[Saved data entries]
□ □ □
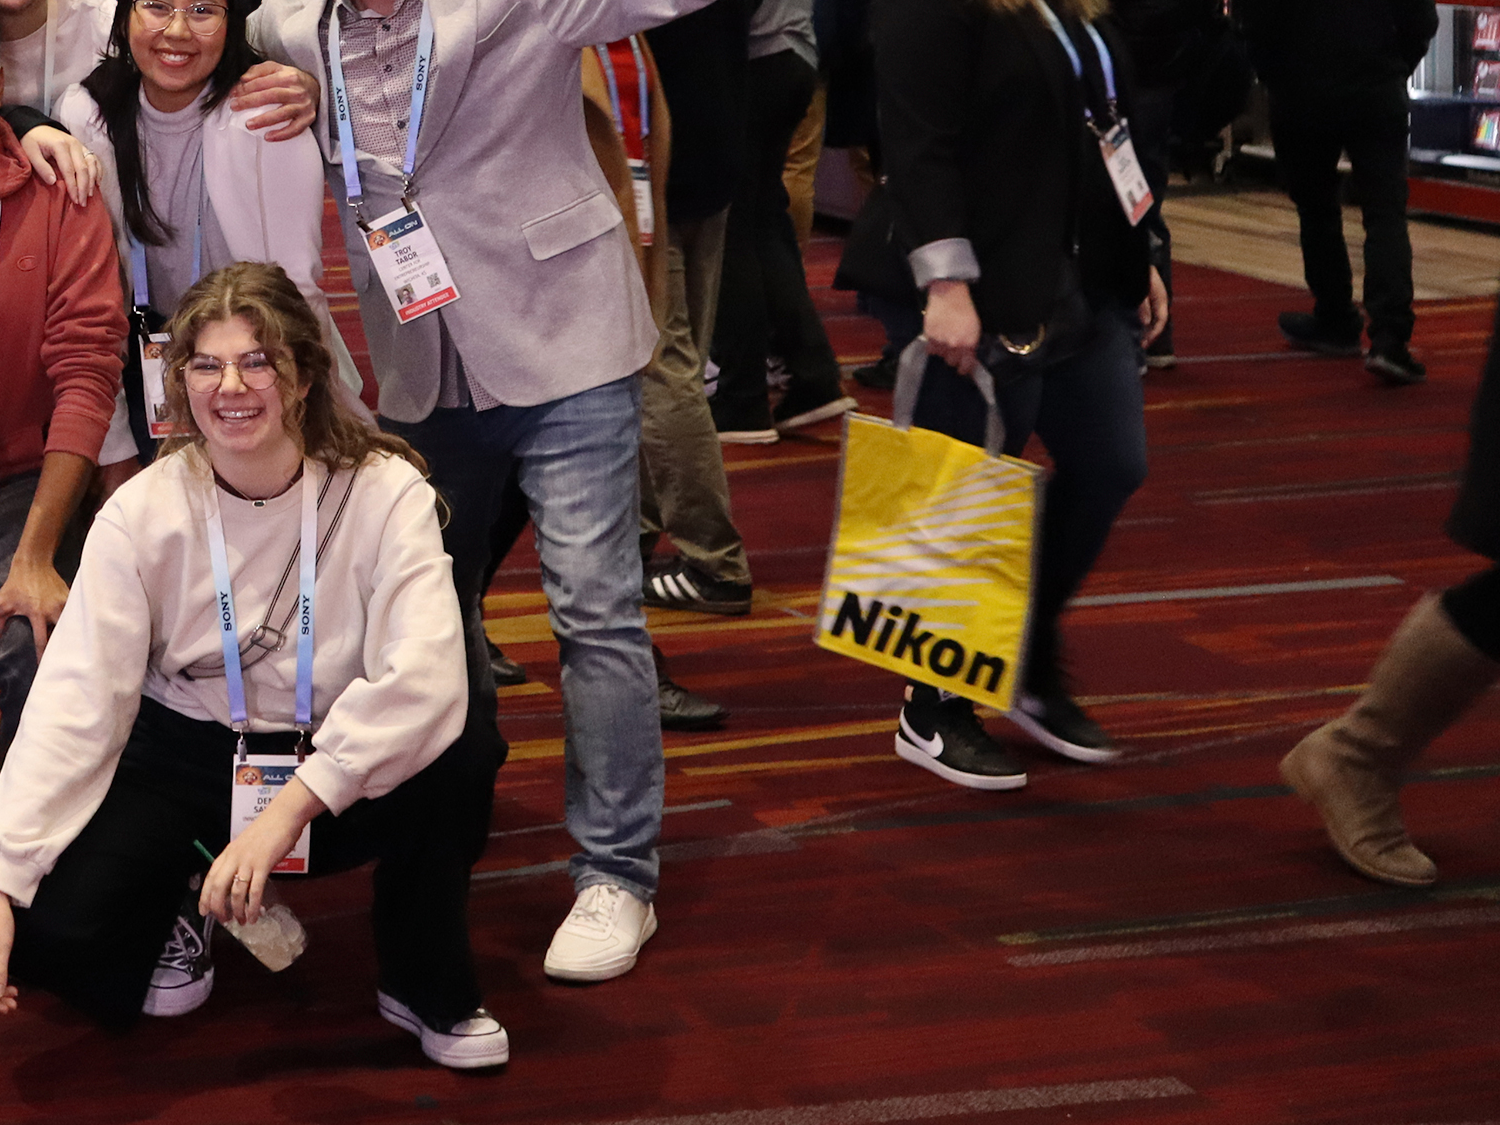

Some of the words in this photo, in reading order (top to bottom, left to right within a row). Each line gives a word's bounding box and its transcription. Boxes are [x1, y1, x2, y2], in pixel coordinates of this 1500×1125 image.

[415, 55, 427, 91] SONY
[335, 87, 346, 121] SONY
[394, 245, 412, 258] TROY
[396, 251, 419, 265] TABOR
[220, 591, 232, 632] SONY
[301, 594, 310, 635] SONY
[830, 591, 1006, 694] Nikon
□ □ □
● Task prompt
The records must appear again word for word, though none of their pictures should.

● Task solution
Some of the words in this photo, in reading order (top to bottom, left to right within a row). Each line gives a word's bounding box and its transcription. Boxes are [x1, y1, x2, y2], in pixel coordinates of this 1500×1125 image.

[415, 55, 427, 91] SONY
[335, 87, 346, 121] SONY
[394, 245, 412, 258] TROY
[396, 251, 419, 265] TABOR
[220, 591, 232, 632] SONY
[301, 594, 310, 635] SONY
[830, 591, 1006, 694] Nikon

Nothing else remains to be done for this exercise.